Objective: Creating costumes for a play is a pretty involved process. Before designers can even get started, they have to know the characters inside out so that the costumes they design will not only suit them, but also help to express their unique traits. 

In this activity, your Students will explore the characters of A Raisin in the Sun, their circumstances, and the overall plot of the play by trying their hand at costume design.

Length of Lesson: 2 class periods—one for instruction, one for presentations—with 1-2 weeks in between for students to complete the assignment. If desired, students could use some class time working on their projects. (This could be helpful for students who may not have adequate resources at home.) Alternately, they can complete all of the work outside of class.

Materials Needed:

  • Sketching materials (to be loaned out to students who need them): pencils, colored pencils, paper
  • (For Step 5 - Optional Extension) Costume-making supplies: old clothes, fabric, needles, thread

Step 1: Introduce the assignment. Explain how theatrical costume designers have to do an intense examination of a play and its characters before deciding on proper costumes.

To drive this point home (and to give students a cool backstage look at the process) show this interview with Susan Hilferty, the Tony Award winning costume designer for the Broadway musical Wicked. Hilferty discusses costume design in general and her thought process as she was creating the costumes for this production.

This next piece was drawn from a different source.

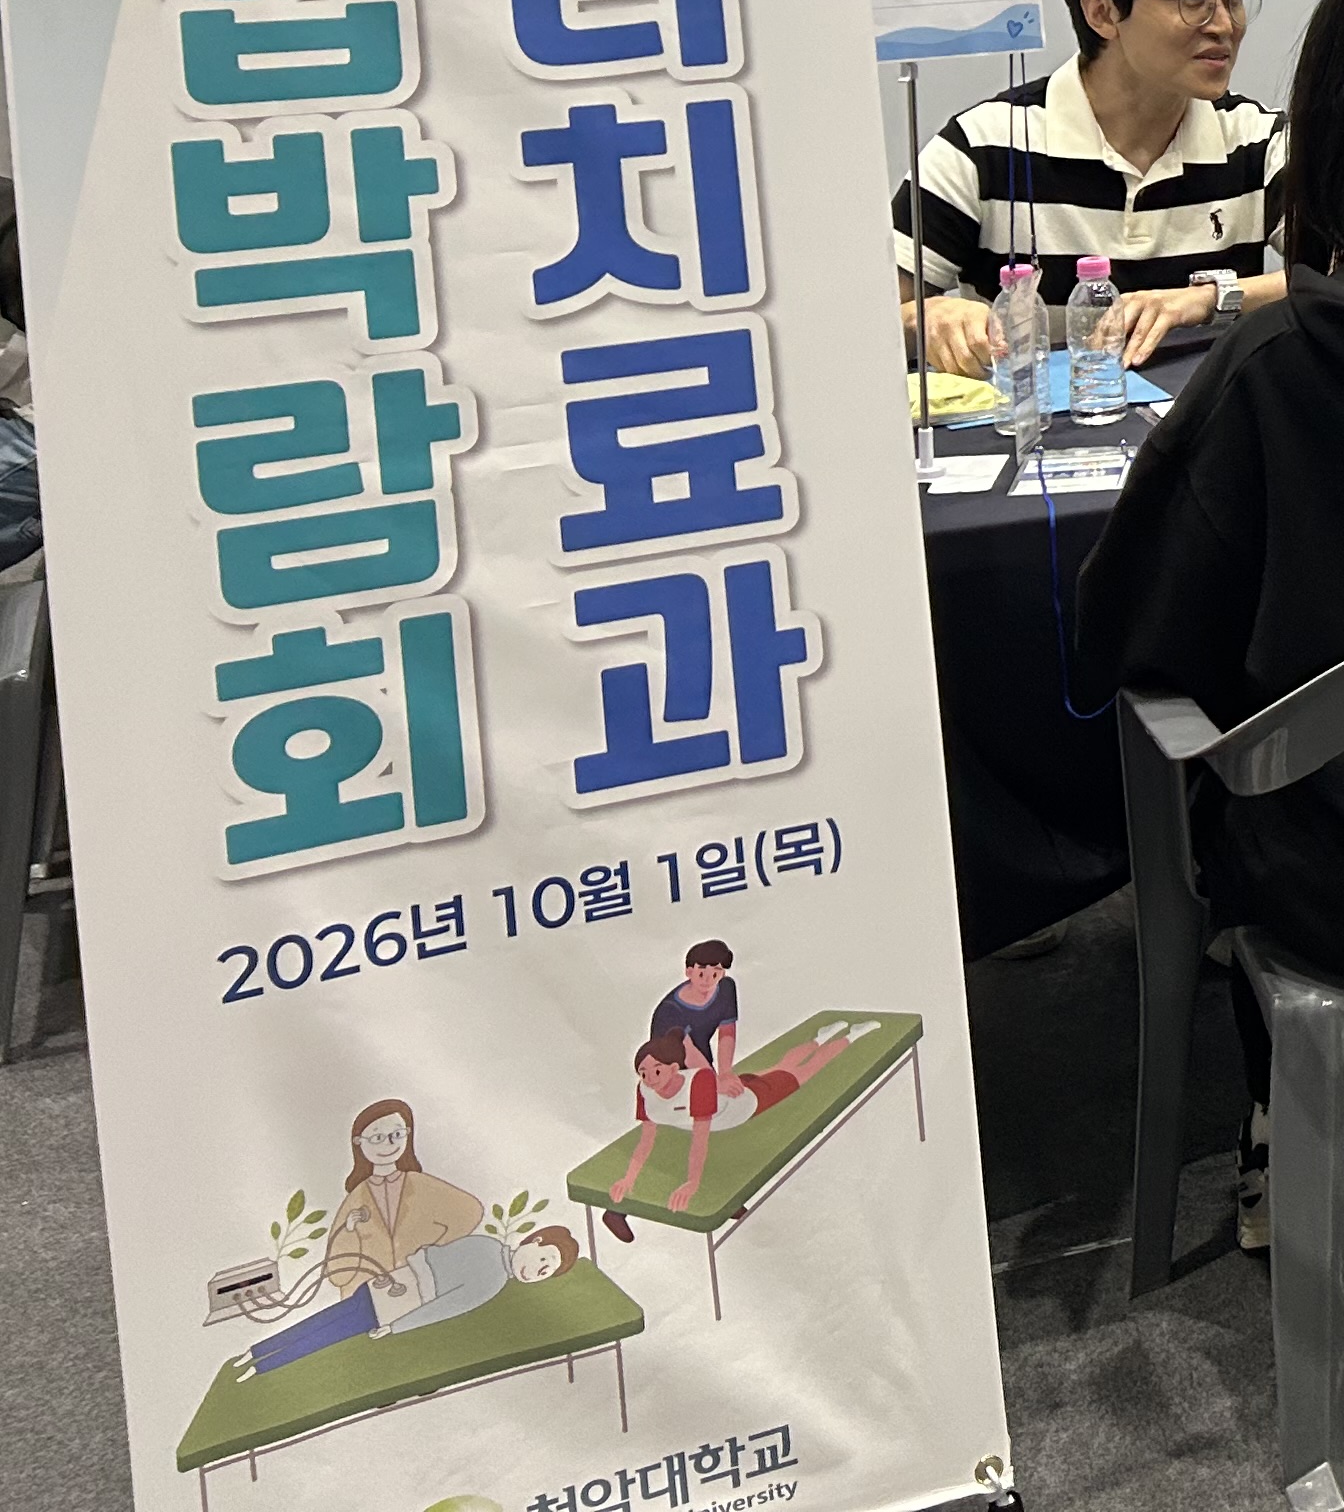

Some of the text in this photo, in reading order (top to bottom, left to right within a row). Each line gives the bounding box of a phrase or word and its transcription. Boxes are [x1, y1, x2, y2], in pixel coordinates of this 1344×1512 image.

Step 2: With the Hilferty interview in mind, have students choose one character from A Raisin in the Sun to work with. They can review the characters here. Once they've chosen one, they can begin their research for their costume designs. They can do this in three stages, which you can either assign one at a time, with one night to complete each step, or all at once, with three nights to complete them all. 

NOTE: If your students have good time management skills, go for the "all at once" approach. If you think they could use a little help on that front, by all means, break it down for them. Give one assignment each night for three nights, checking in with them at the beginning of class the next day to make sure they're on track. (A great place for the check, check-plus, check-minus system in terms of homework assessment.)

Here are the three research assignments: 

  1. Create a bulleted character analysis, listing your chosen character's five major traits. Each trait should be accompanied by at least three quotes from the play to support it.
  2. Analyze your character's arc within the play. List each scene in which your character appears and note the given circumstances for your character in that scene. Has the character just woken up? Just gotten back from work?
  3. Do a little historical research. Go online and find images of what people who were similar to your character might have worn in 1959. Find at least five images that represent something your character might wear. (The links listed in Shmoop's guide to History of Fashion in America may be helpful for this research.)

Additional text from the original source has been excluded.